Jens Gustedt's Blog

November 21, 2012

P99 futexes: non-blocking integer valued condition variables

Filed under: C11, C99, linux, lock structures, P99, POSIX — Jens Gustedt @ 12:18

A while ago I already have written about Linux futexes as a really nice concept for a control data structure that goes beyond the ones that we learn or teach in school (mutex, semaphore, condition variable…). I have now gone one step further and integrated futexes into P99; if used on Linux this will evidently use the corresponding Linux feature under the hood, on other platforms a C11 thread implementation using mutexes and condition variables can be used.

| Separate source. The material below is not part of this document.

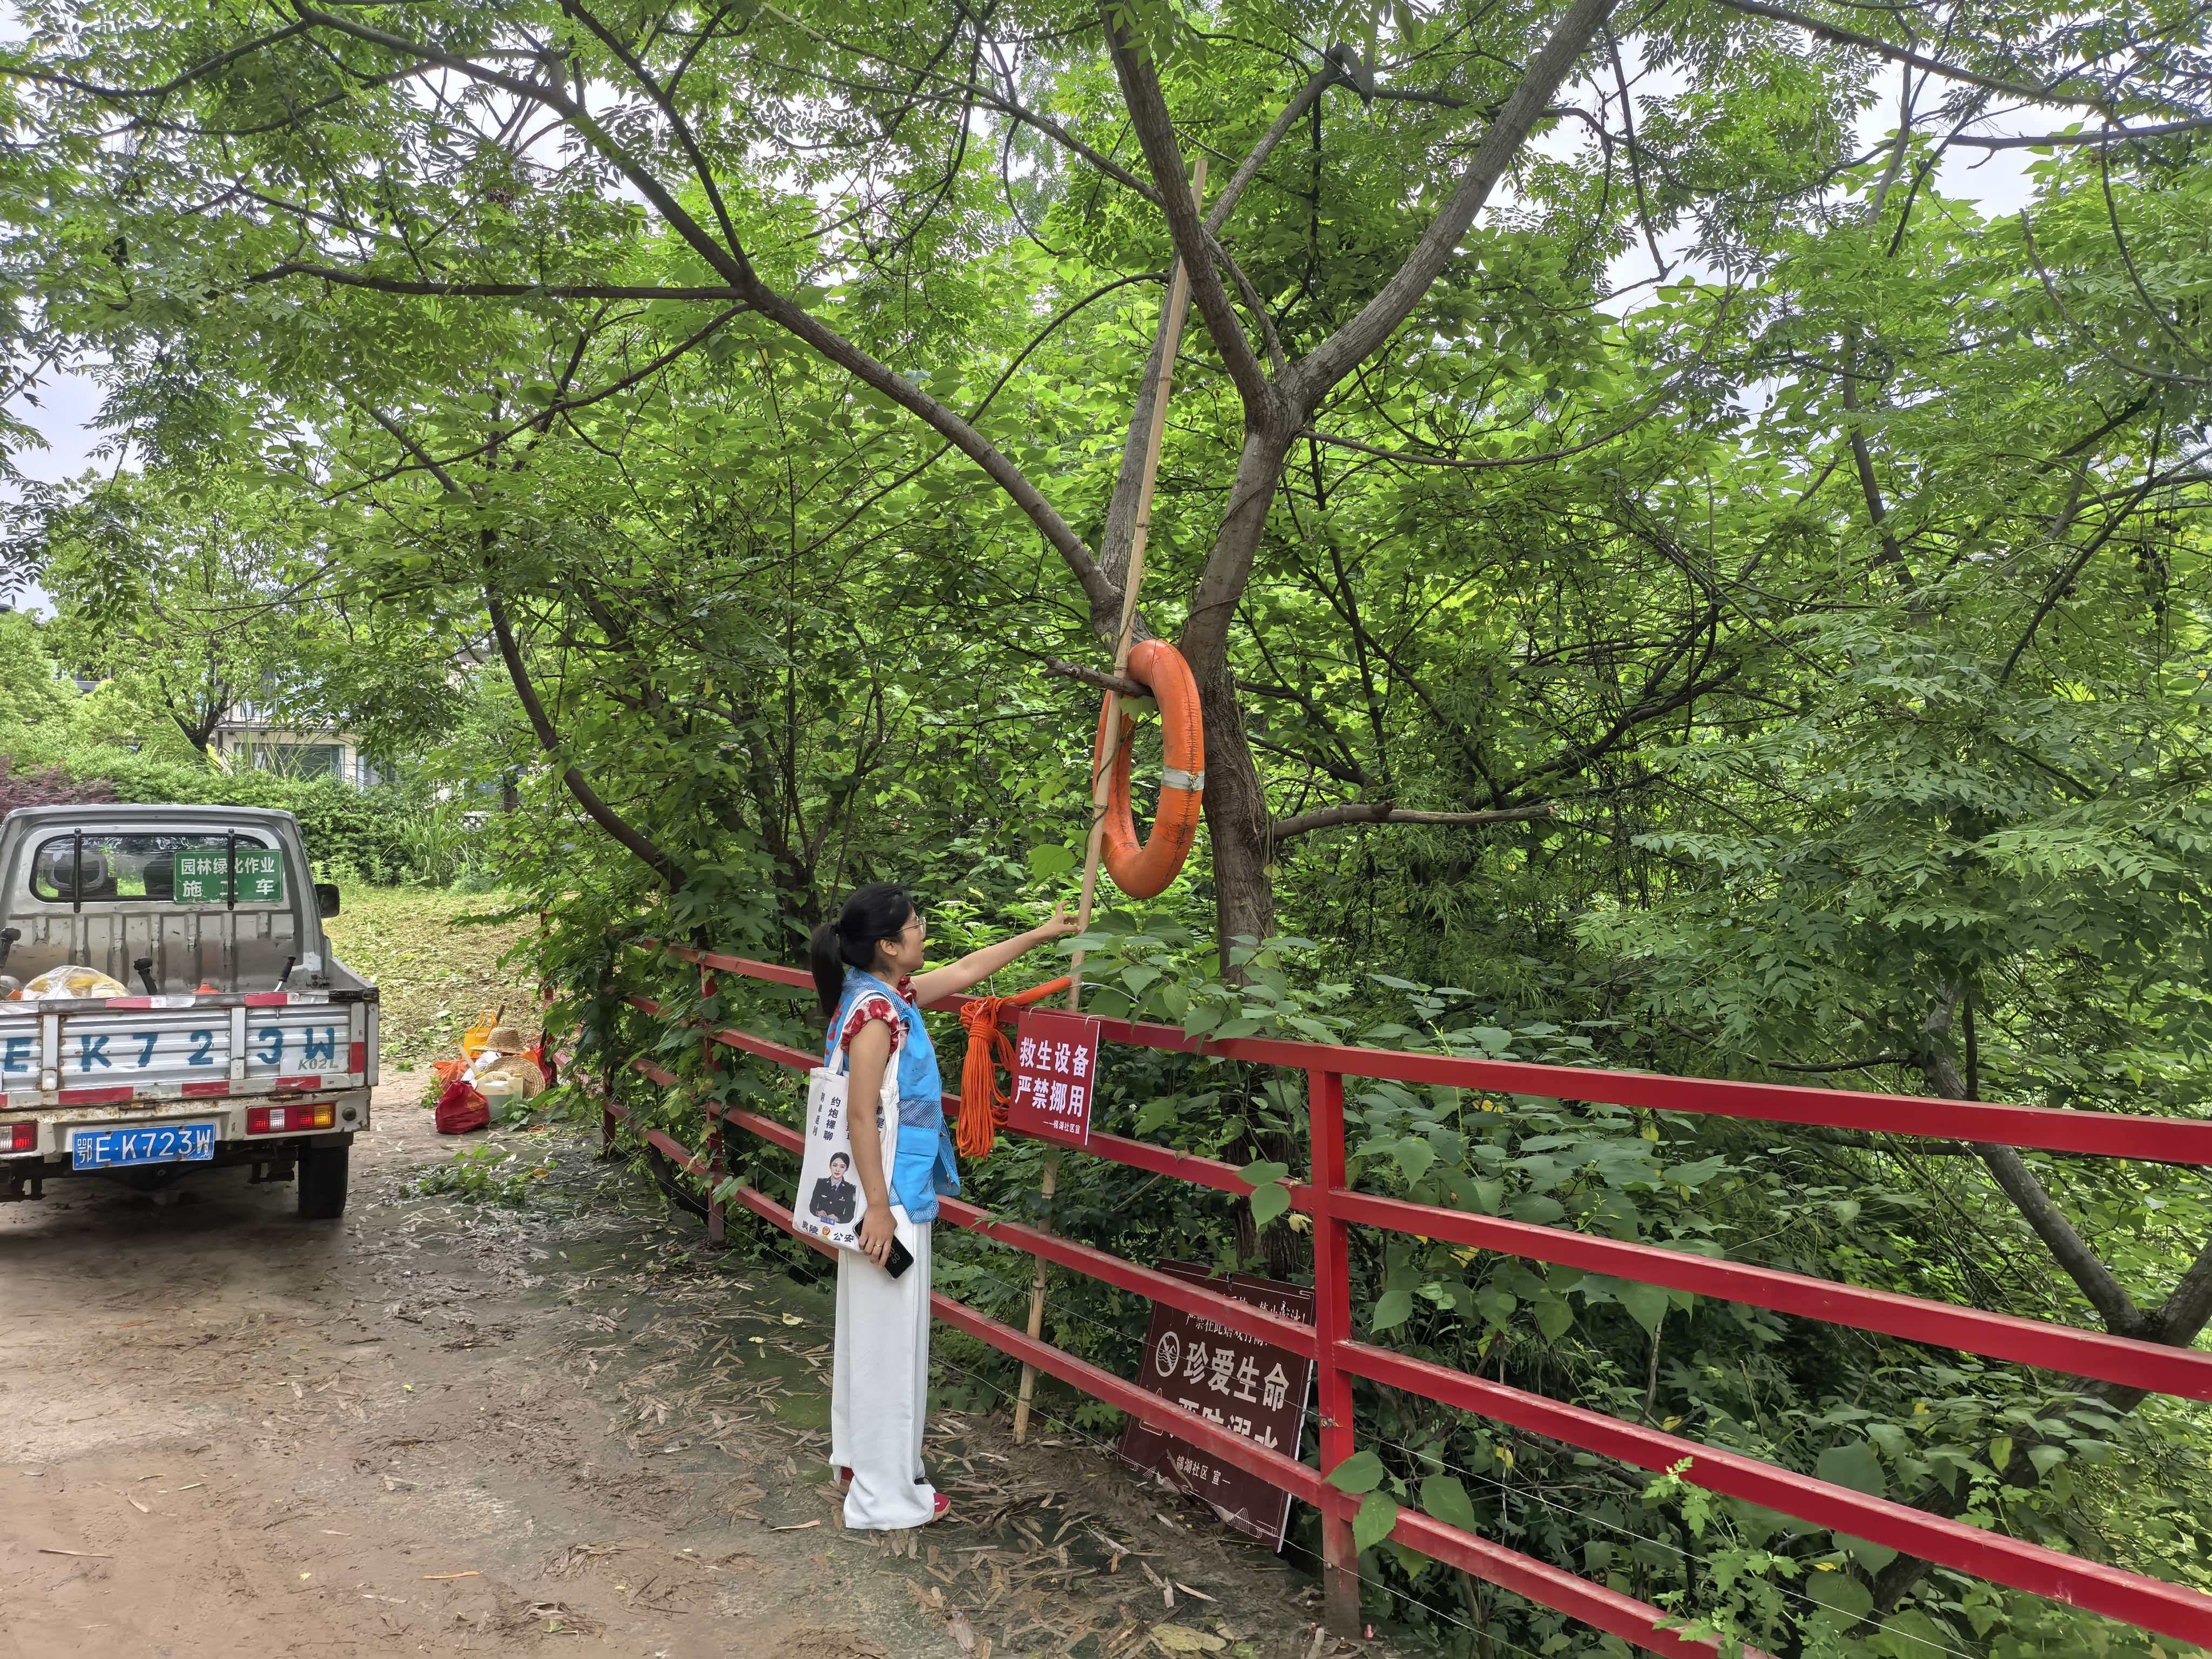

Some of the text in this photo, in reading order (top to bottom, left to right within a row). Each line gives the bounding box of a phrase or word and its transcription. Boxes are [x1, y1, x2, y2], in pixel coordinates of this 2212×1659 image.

One of the real disadvantages of most of the control structures is that they have two very different kinds of events: user events (e.g a call to cnd_signal) and system events, often called “spurious wakeups”. Unless we program system code, these spurious wakeups are just an annoyance. They are easily forgotten during development and lead to subtle bugs that only appear on heavy load or when changing the platform and handling them often makes the user code overly complex.

p99_futex are designed to work around this type of problems, by still providing a close integration of the control structure into the system and by efficiently distinguishing a “fast path” for operations from a “slow path” where we handle congestion. They provide a counter similar to a conditional variable that allows atomic increments and to wait for it, just as the Linux system call does. (Only that for ideological reasons the base type is an unsigned, instead of an int as in Linux.)

  • a p99_futex represents an unsigned value
    • the access to the value is atomic
  • a p99_futex represents a lock and wait utility
    • the entrance into the OS wait queue is atomic, a thread only enters the OS wait if the state is what the thread expects
    • it will only wake up threads when the unsigned value has changed, or another thread signals the futex explicitly
    • there are no spurious wakeups, state changes of threads only depend on state changes of the value of the futex or user space actions
    • the number of threads that are woken up can be controlled:
      • a minimal number may be used to block (actively!) a thread until enough others are woken up
      • a maximal number may also be given

There are several operations that work on that value similar to their atomic analogues:

The last three may also be used to wakeup threads that are waiting on the futex, the very last, a macro, may also put the calling thread to a blocking or waiting state.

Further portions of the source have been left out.